## TASK DETAILS
Write out all the data verbatim. Skip images.

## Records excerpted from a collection

• • •

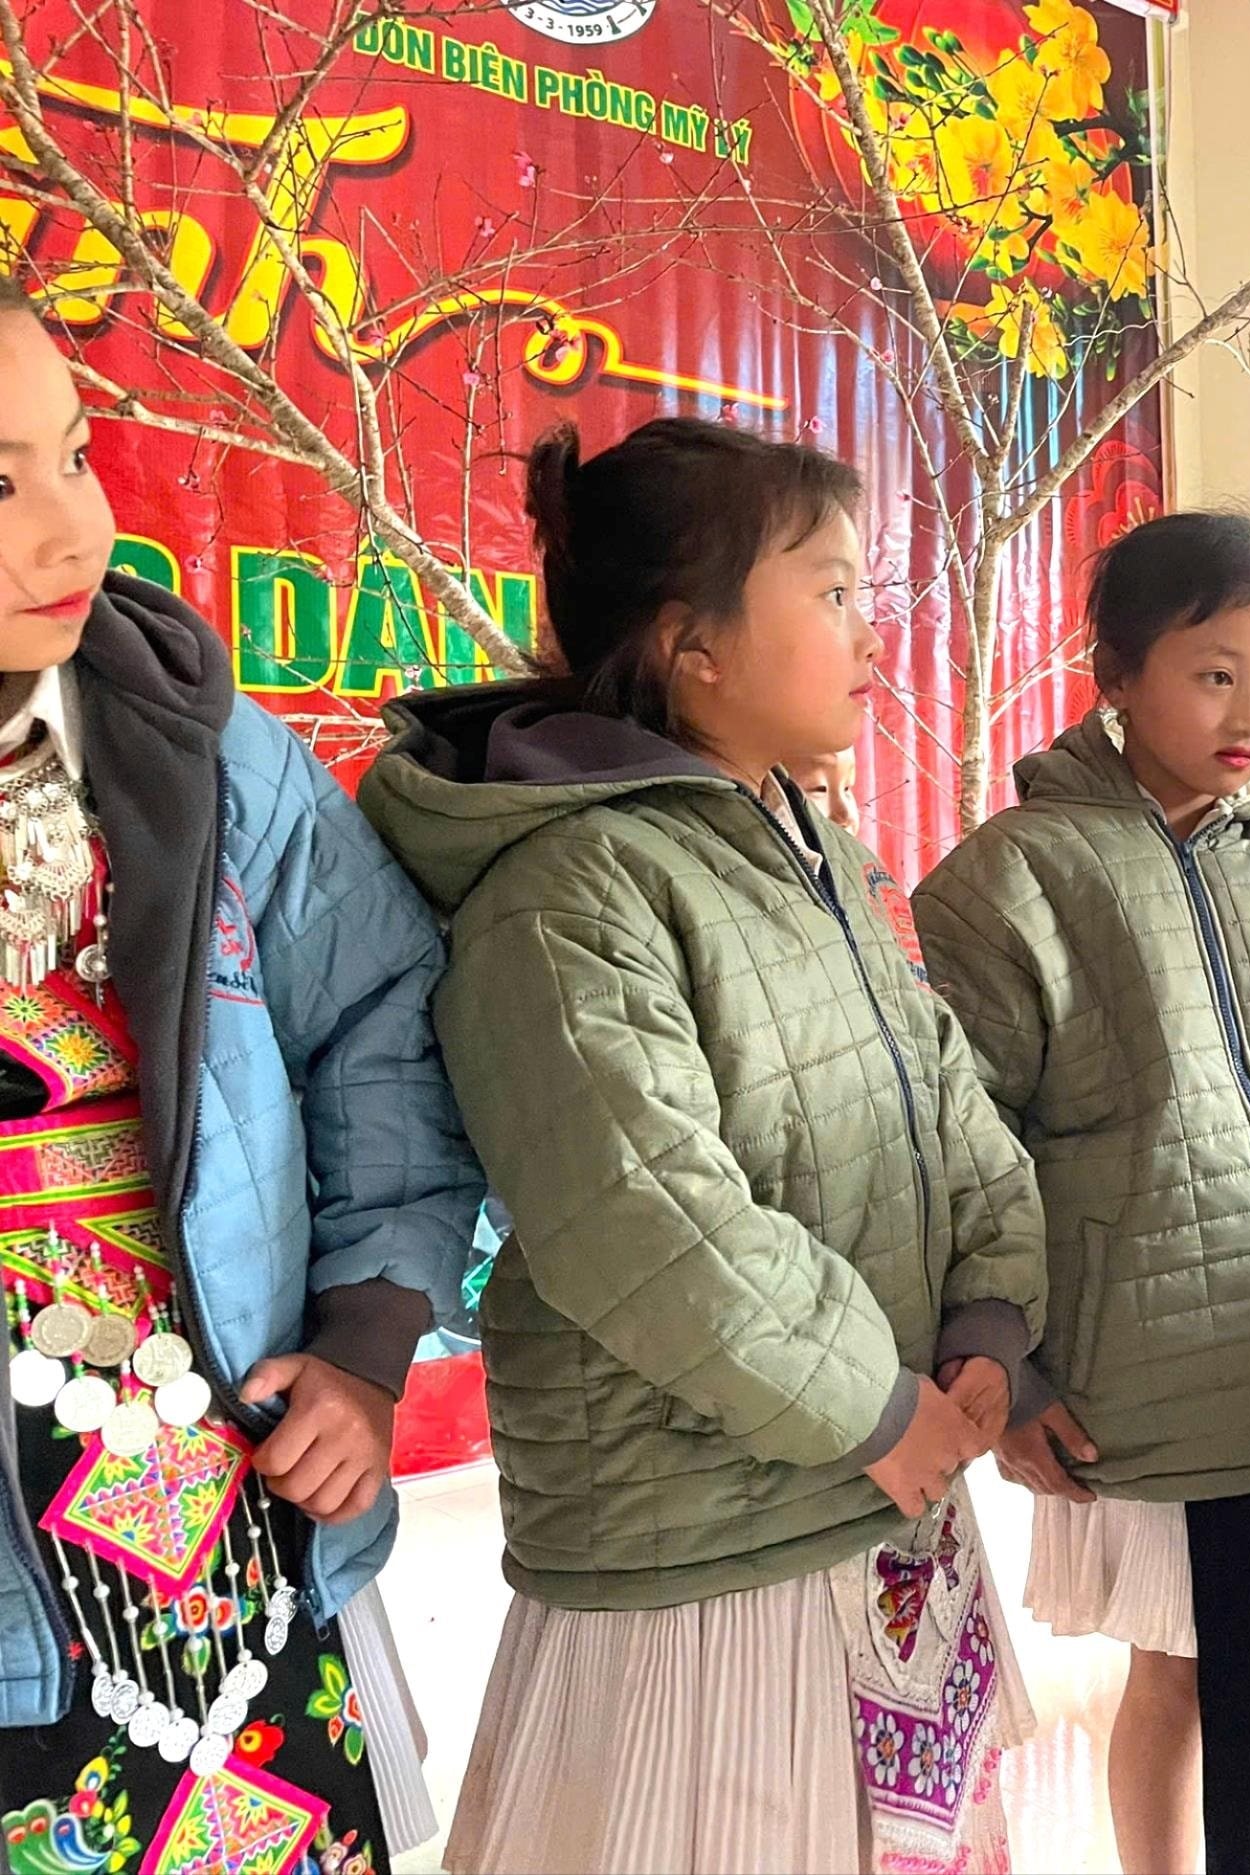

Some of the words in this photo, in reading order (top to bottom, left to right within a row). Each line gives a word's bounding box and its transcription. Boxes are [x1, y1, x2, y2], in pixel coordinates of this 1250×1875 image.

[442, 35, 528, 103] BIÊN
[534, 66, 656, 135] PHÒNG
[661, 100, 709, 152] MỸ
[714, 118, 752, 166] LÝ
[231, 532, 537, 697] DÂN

• • •

## ANSWER SPACE
Some of the words in this photo, in reading order (top to bottom, left to right within a row). Each line gives a word's bounding box and its transcription. Boxes are [x1, y1, x2, y2], in pixel coordinates of this 1250×1875 image.

[442, 35, 528, 103] BIÊN
[534, 66, 656, 135] PHÒNG
[661, 100, 709, 152] MỸ
[714, 118, 752, 166] LÝ
[231, 532, 537, 697] DÂN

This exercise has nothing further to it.